▶ What you should do:
Print the lines below from the line with "this 1500×1000 image." to the line with "this 2048×1366 image." exactly, keeping both ends, and print no pictures.

▶ Supplied data:
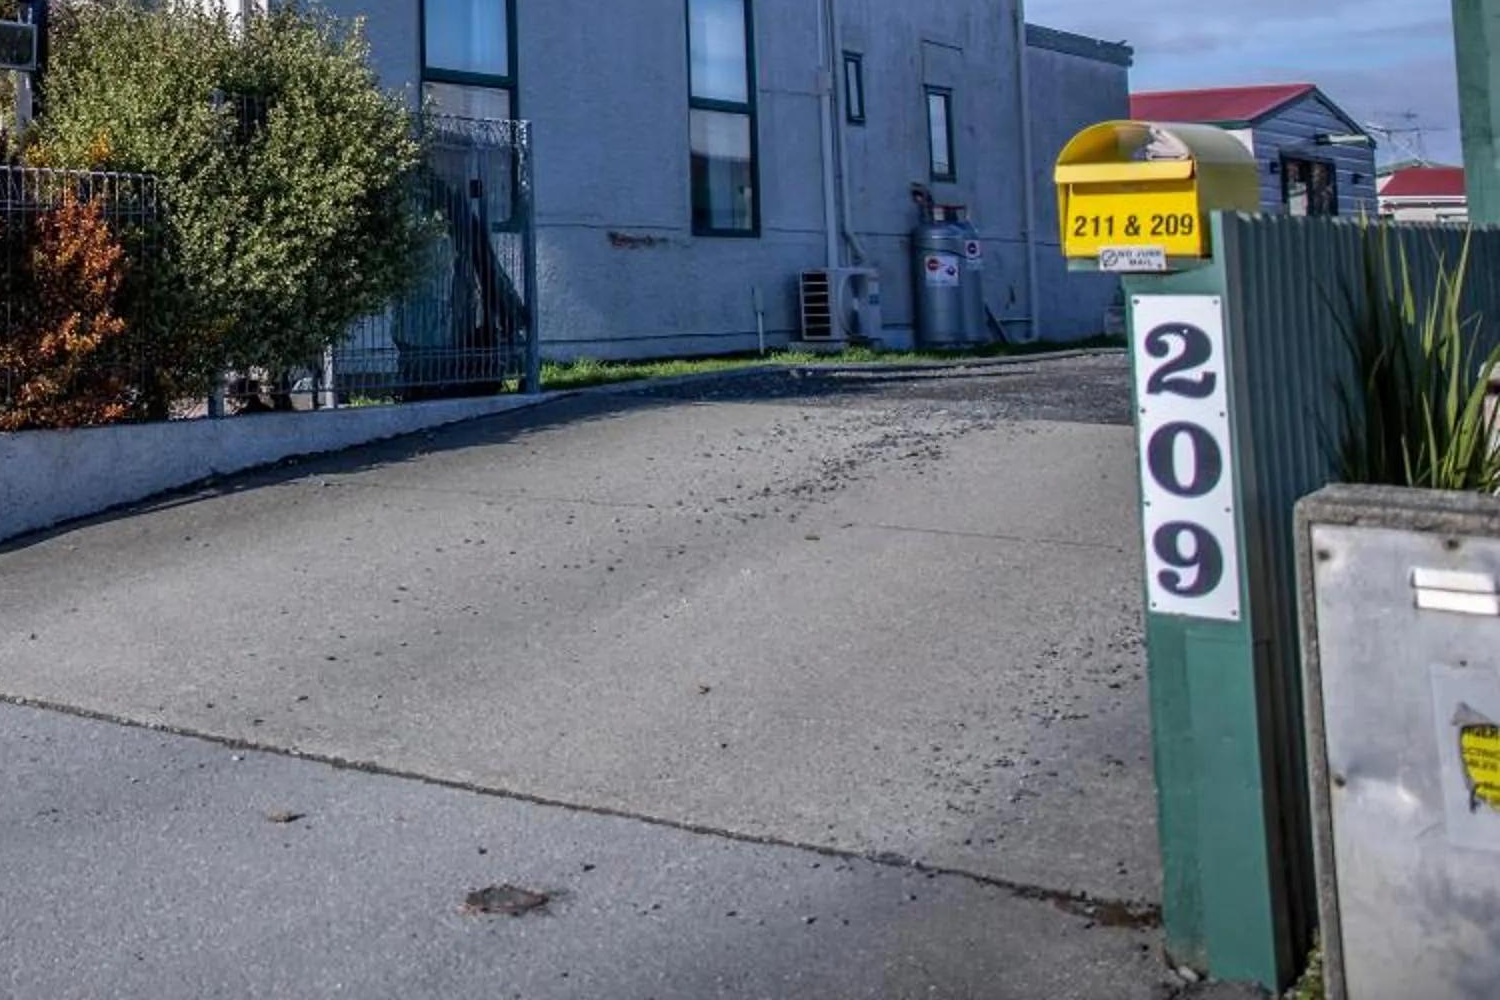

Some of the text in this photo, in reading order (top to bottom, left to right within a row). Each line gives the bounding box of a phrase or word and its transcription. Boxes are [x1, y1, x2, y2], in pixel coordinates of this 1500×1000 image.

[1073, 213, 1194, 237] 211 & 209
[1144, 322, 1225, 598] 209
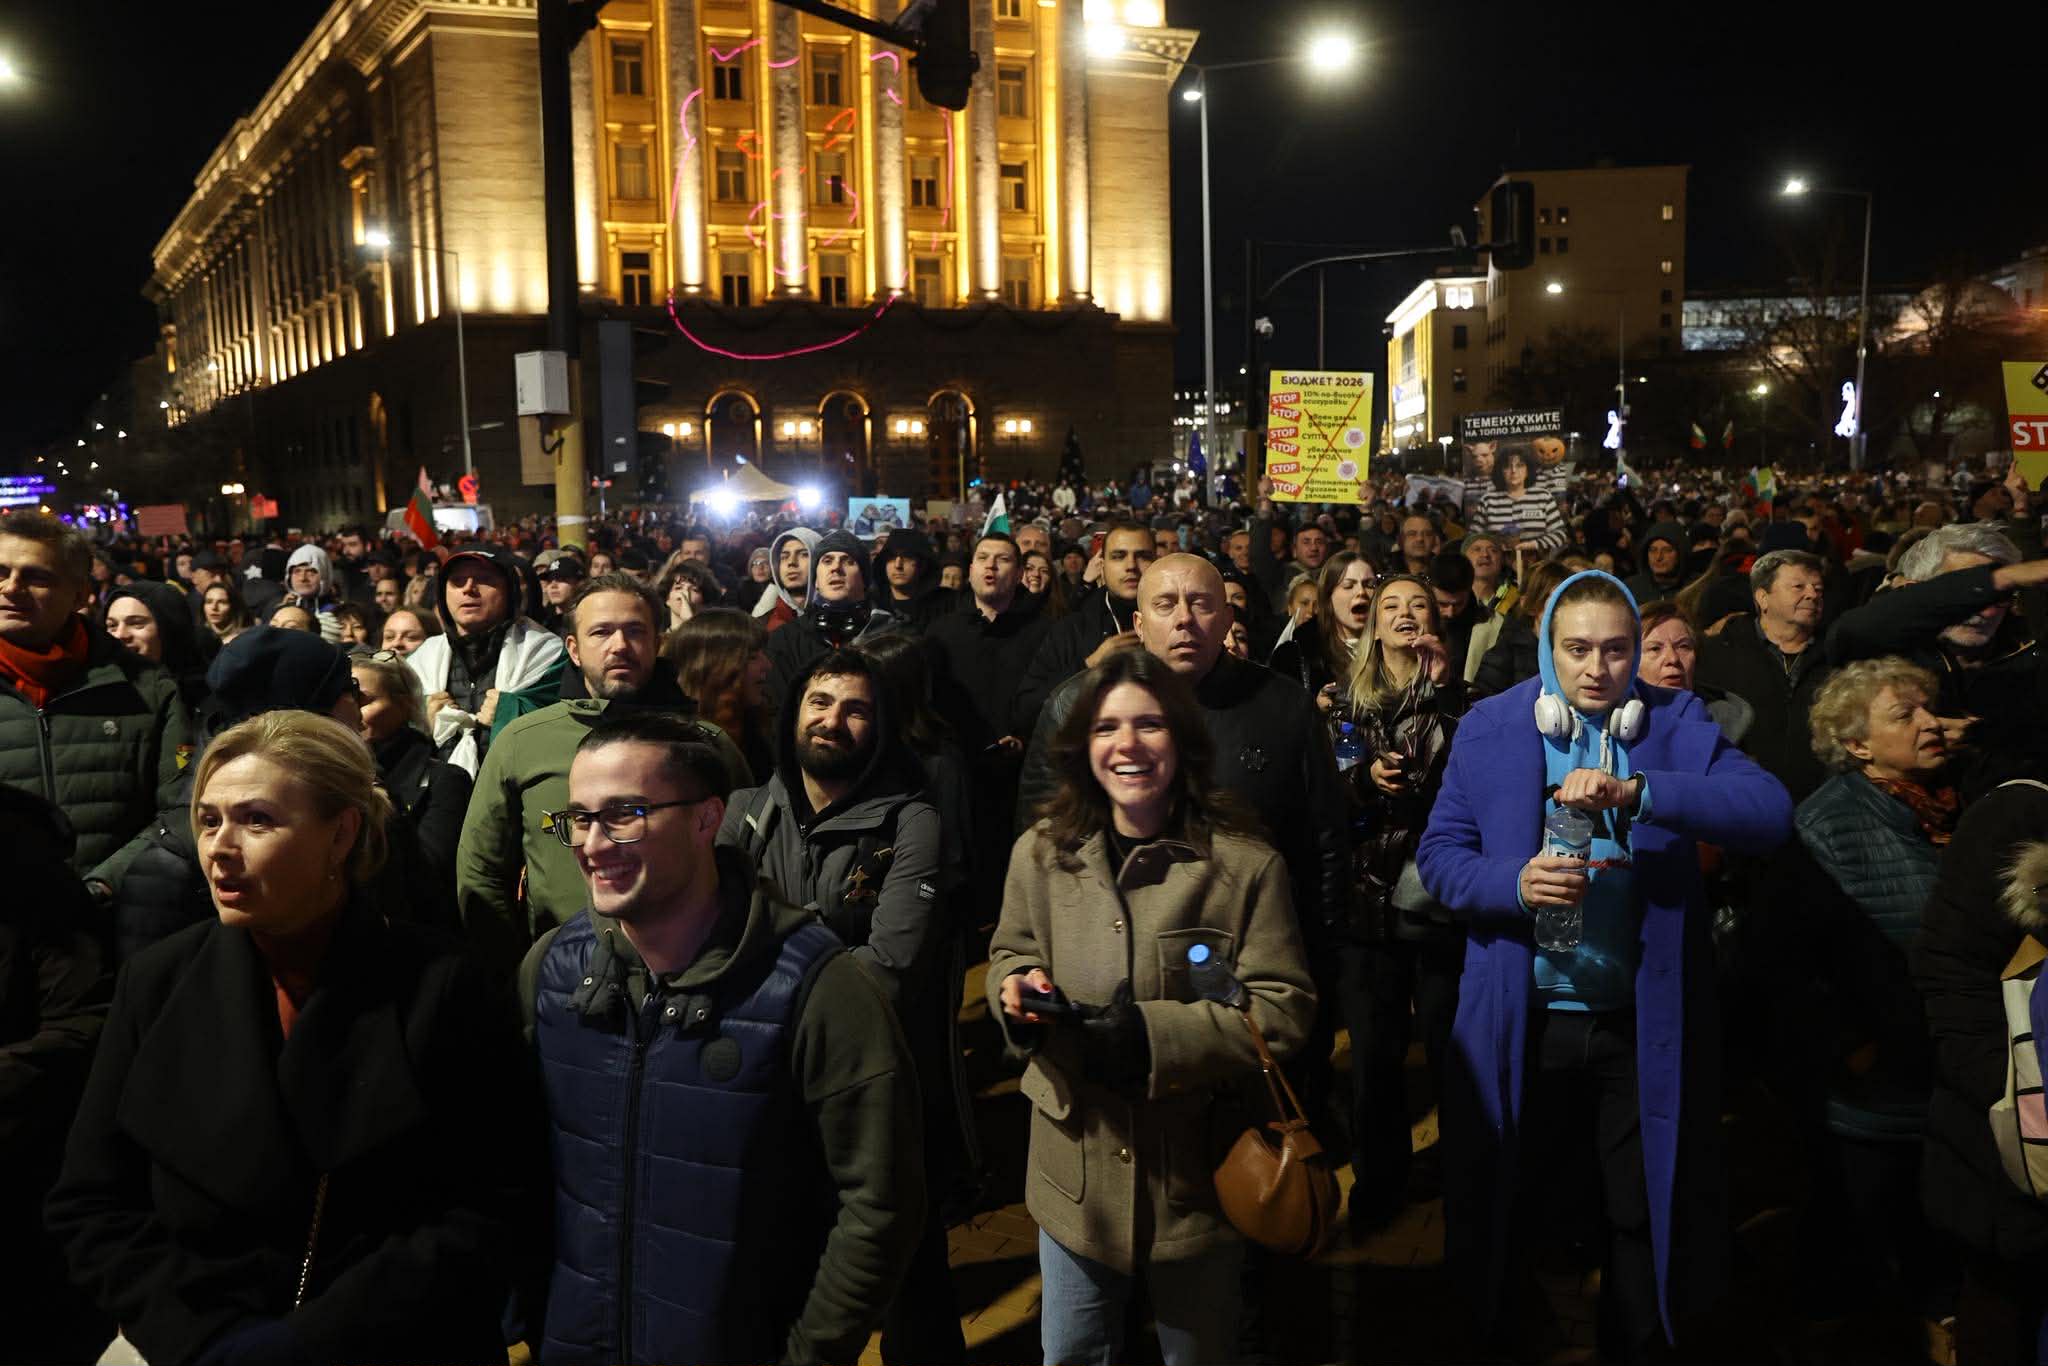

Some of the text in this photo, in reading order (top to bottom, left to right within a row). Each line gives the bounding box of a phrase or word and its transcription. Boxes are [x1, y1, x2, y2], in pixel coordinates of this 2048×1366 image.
* * *
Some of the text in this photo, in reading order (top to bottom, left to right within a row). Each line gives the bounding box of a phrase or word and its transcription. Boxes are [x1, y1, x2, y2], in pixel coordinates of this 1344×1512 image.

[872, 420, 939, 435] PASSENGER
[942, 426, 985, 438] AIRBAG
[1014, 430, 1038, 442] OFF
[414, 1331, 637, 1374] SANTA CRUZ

▶ Task result:
Some of the text in this photo, in reading order (top to bottom, left to right within a row). Each line gives the bounding box of a phrase or word and its transcription. Boxes are [x1, y1, x2, y2], in pixel coordinates of this 1500×1000 image.

[1073, 213, 1194, 237] 211 & 209
[1144, 322, 1225, 598] 209

Some of the text in this photo, in reading order (top to bottom, left to right within a row). Each line gives the bounding box of a phrase or word and its transcription. Boxes are [x1, y1, x2, y2], in pixel coordinates of this 2048×1366 image.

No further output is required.